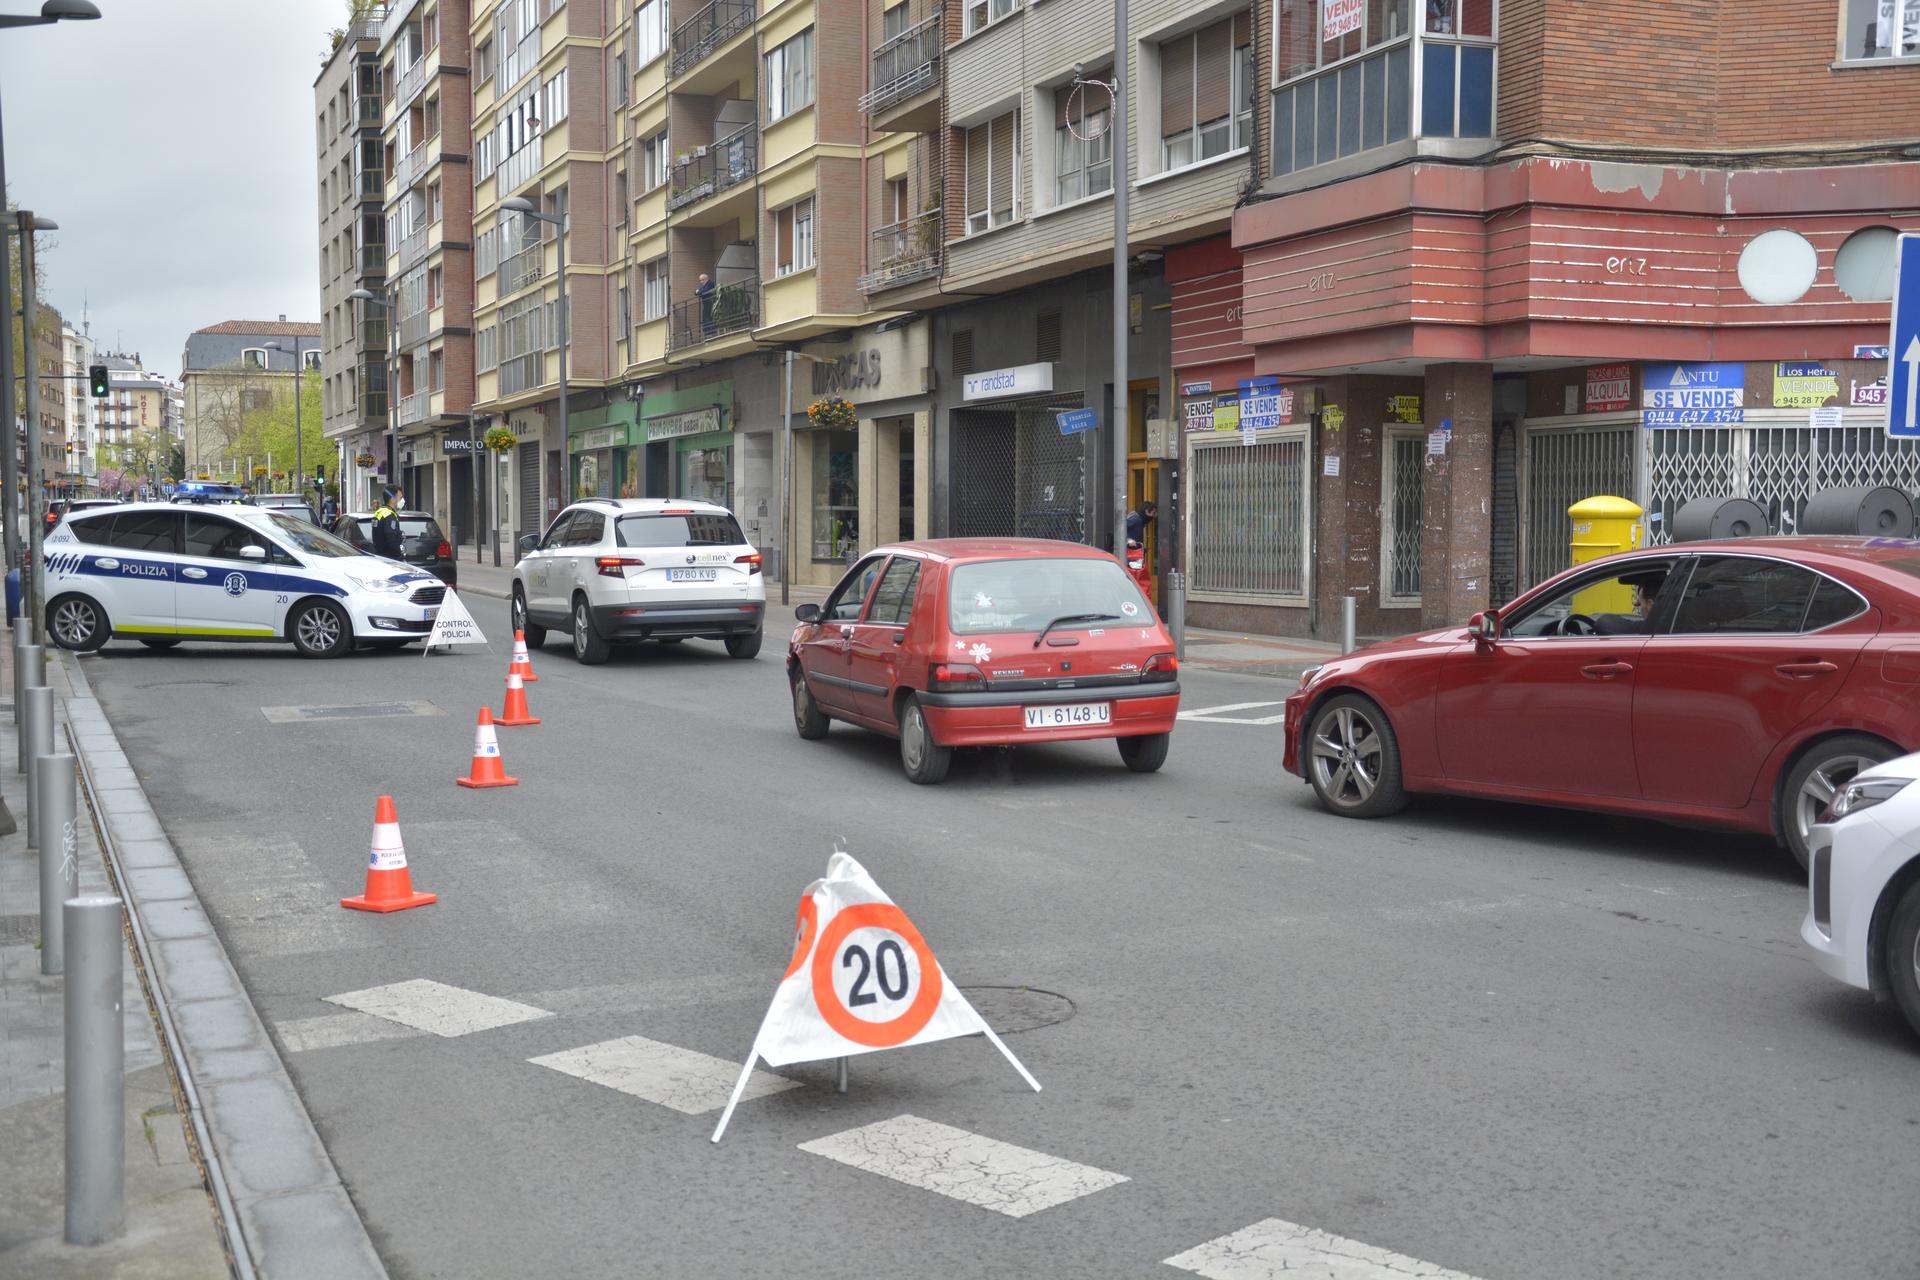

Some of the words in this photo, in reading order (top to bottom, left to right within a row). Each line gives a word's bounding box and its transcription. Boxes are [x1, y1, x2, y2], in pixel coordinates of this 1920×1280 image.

[1606, 256, 1648, 276] ertz
[1308, 272, 1335, 292] ertz
[1226, 305, 1243, 322] ert
[1668, 365, 1719, 386] ANTU
[1787, 369, 1803, 377] LOS
[980, 369, 1016, 393] randstad
[1781, 379, 1835, 393] VENDE
[1587, 381, 1630, 401] ALQUILA
[1857, 389, 1880, 402] 945
[1244, 400, 1253, 415] SE
[1254, 397, 1278, 414] VENDE
[1653, 391, 1675, 408] SE
[1680, 390, 1735, 408] VENDE
[1782, 396, 1799, 404] 945
[1801, 396, 1812, 404] 28
[1647, 411, 1675, 423] 944
[1679, 410, 1709, 423] 647
[1712, 410, 1741, 423] 354
[444, 440, 484, 450] IMPACO
[122, 563, 168, 577] POLIZIA
[673, 569, 697, 579] 8780
[699, 569, 717, 579] KVB
[277, 594, 288, 604] 20
[436, 620, 473, 628] CONTROL
[441, 630, 471, 639] POLICIA
[842, 939, 909, 1007] 20

◇ ◇ ◇ ◇ ◇ ◇ ◇

Set down the material exactly as given, but print none of the pictures.

Written solution:
Some of the words in this photo, in reading order (top to bottom, left to right within a row). Each line gives a word's bounding box and its transcription. Boxes are [x1, y1, x2, y2], in pixel coordinates of this 1920×1280 image.

[1606, 256, 1648, 276] ertz
[1308, 272, 1335, 292] ertz
[1226, 305, 1243, 322] ert
[1668, 365, 1719, 386] ANTU
[1787, 369, 1803, 377] LOS
[980, 369, 1016, 393] randstad
[1781, 379, 1835, 393] VENDE
[1587, 381, 1630, 401] ALQUILA
[1857, 389, 1880, 402] 945
[1244, 400, 1253, 415] SE
[1254, 397, 1278, 414] VENDE
[1653, 391, 1675, 408] SE
[1680, 390, 1735, 408] VENDE
[1782, 396, 1799, 404] 945
[1801, 396, 1812, 404] 28
[1647, 411, 1675, 423] 944
[1679, 410, 1709, 423] 647
[1712, 410, 1741, 423] 354
[444, 440, 484, 450] IMPACO
[122, 563, 168, 577] POLIZIA
[673, 569, 697, 579] 8780
[699, 569, 717, 579] KVB
[277, 594, 288, 604] 20
[436, 620, 473, 628] CONTROL
[441, 630, 471, 639] POLICIA
[842, 939, 909, 1007] 20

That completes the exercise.